Federal Appeals Court Finds Wisconsin School’s Transphobic Policy Unconstitutional Days Before Plaintiff Graduates

Melissa and Ashton Whitaker. Courtesy Transgender Law Center

When he walks across the stage to receive his diploma on Saturday, 17-year-old Wisconsin high school senior Ashton Whitaker will do so knowing that his name will go down in history connected to a landmark ruling that affirms trans students’ right to access facilities that correspond with their gender identity.

When I asked the teenager how it feels to have his name attached to such a historic decision, Whitaker was level-headed. “It’s just pride at this point,” he said. “I’m so honored to be a part of something like this, despite what hardships I may have gone through. It’s nice knowing that this will definitely be a beacon for other trans kids, and other people in the community, to look to as a source for hope.”

That source for hope came in the form of a three-judge panel on the Seventh Circuit Court of Appeals’ unanimous ruling handed down Tuesday, declaring that Title IX and the U.S. Constitution’s Equal Protection Clause guarantee Whitaker—and by extension all trans students in the Seventh Circuit—equal access to school facilities that correspond with their gender identity.

The ruling marks the first time a federal appeals court has made this determination on such sweeping grounds, attorneys who argued the case explained on a Tuesday press call organized by the Transgender Law Center, which represented Whitaker.

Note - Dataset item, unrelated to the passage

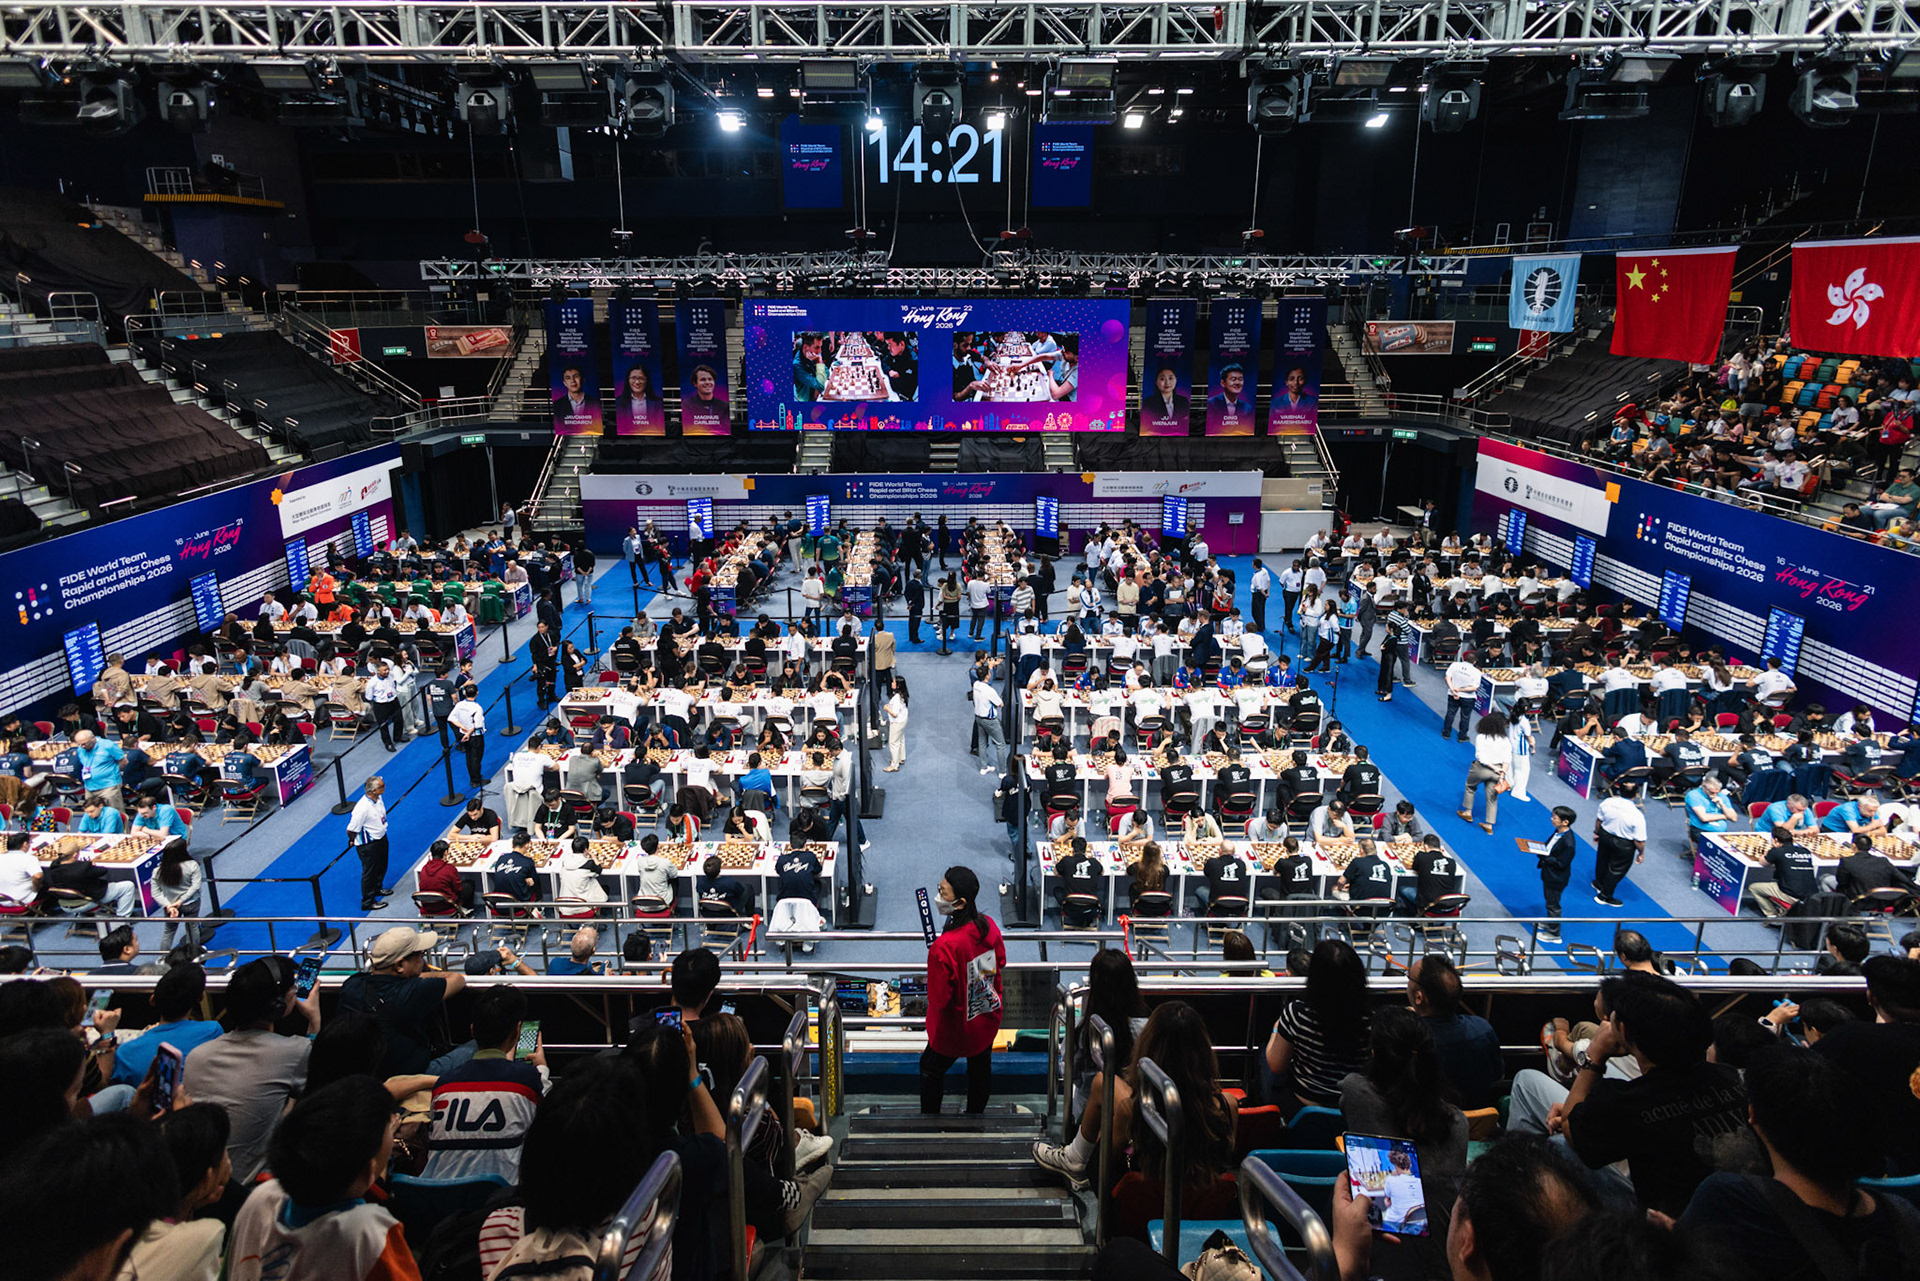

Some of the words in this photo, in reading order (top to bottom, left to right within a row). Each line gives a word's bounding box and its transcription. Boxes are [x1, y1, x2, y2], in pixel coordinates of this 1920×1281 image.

“This decision is the first time a federal appeals court has found that Title IX, as a matter of statutory law, protects transgender students from discrimination in schools,” explained co-counsel Joseph Wardenski, who argued the case before the Seventh Circuit. “And we think that it sends a clear message to schools across the country that they should be treating transgender students equally and with dignity.”

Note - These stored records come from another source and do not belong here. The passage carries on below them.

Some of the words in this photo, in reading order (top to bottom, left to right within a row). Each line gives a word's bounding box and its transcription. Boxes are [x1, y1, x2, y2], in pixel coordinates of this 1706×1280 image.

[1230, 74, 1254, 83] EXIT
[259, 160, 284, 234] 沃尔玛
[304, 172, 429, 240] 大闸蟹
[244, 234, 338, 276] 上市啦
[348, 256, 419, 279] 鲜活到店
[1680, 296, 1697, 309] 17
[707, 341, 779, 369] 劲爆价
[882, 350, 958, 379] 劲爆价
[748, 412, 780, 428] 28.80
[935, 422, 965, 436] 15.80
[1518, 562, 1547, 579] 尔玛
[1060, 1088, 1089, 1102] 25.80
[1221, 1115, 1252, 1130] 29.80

Choking back tears, Whitaker’s mother, Melissa, said that she was “elated” to step back from the constant worry she’s felt about the discrimination her son was facing. “I’m so proud to say how much I love him, and that I’m going to have a biomedical engineer on my hands—not someone who has to keep fighting for who he is,” she said. She added that her son will start classes at the University of Wisconsin–Madison in the fall.

Tuesday’s unanimous decision keeps in place a September injunction ordered by a lower court, barring the school district from enforcing the gender essentialist policy it implemented after Whitaker began using the boys’ restroom at school last year. The defendant, Kenosha Unified School District, could appeal the decision to the full Seventh Circuit or the U.S. Supreme Court, but attorneys for the plaintiffs are hopeful that, with two rulings in their favor and Whitaker’s imminent graduation, the district will let Tuesday’s ruling stand.

If that happens, presiding case law regarding trans students’ access will read like it was written by LGBT advocates, who have long pointed to growing legal precedent that suggests Title IX’s prohibition on sex discrimination extends to discrimination based on gender identity. That precedent could prove critical as similar cases regarding trans student access advance in the Fourth and Sixth Circuits, attorneys on Tuesday’s call explained.

As Judge Ann Claire Williams said in her ruling for the court:

 A policy that requires an individual to use a bathroom that does not conform with his or her gender identity punishes that individual for his or her gender non‐conformance, which in turn violates Title IX.

As BuzzFeed‘s Chris Geidner noted, the ruling also emphatically rejects the transphobic (and unfounded) concerns about “safety” and “privacy” advanced by the Kenosha Unified School District, applying, for the first time, heightened scrutiny to policies that regulate a student’s access based on their gender identity.

Although the school district tried to claim that its policy requiring students to use the facilities that correspond with their sex assigned at birth treated male and female students the same way—thus satisfying the Equal Protection requirement—the court would have none of it.

“This is untrue,” Williams wrote. “Rather, the School District treats transgender students like Ash, who fail to conform to the sex‐based stereotypes associated with their assigned sex at birth, differently.”

That simple but powerful affirmation has clearly resonated with Whitaker, who spoke with noticeable excitement in his voice and a keen recognition of his place in the ongoing, unfinished fight for LGBT rights.

“I am so excited to keep moving forward and keep working on civil rights like this,” Whitaker said in Tuesday’s press call. “Having this [victory] under my belt, it tells me and it tells other people who I may be working with, or even strangers, that putting your mind to it and not giving up really pays off in the end, regardless of the fact that there will be hardship. … So I’m just very excited for my future now.”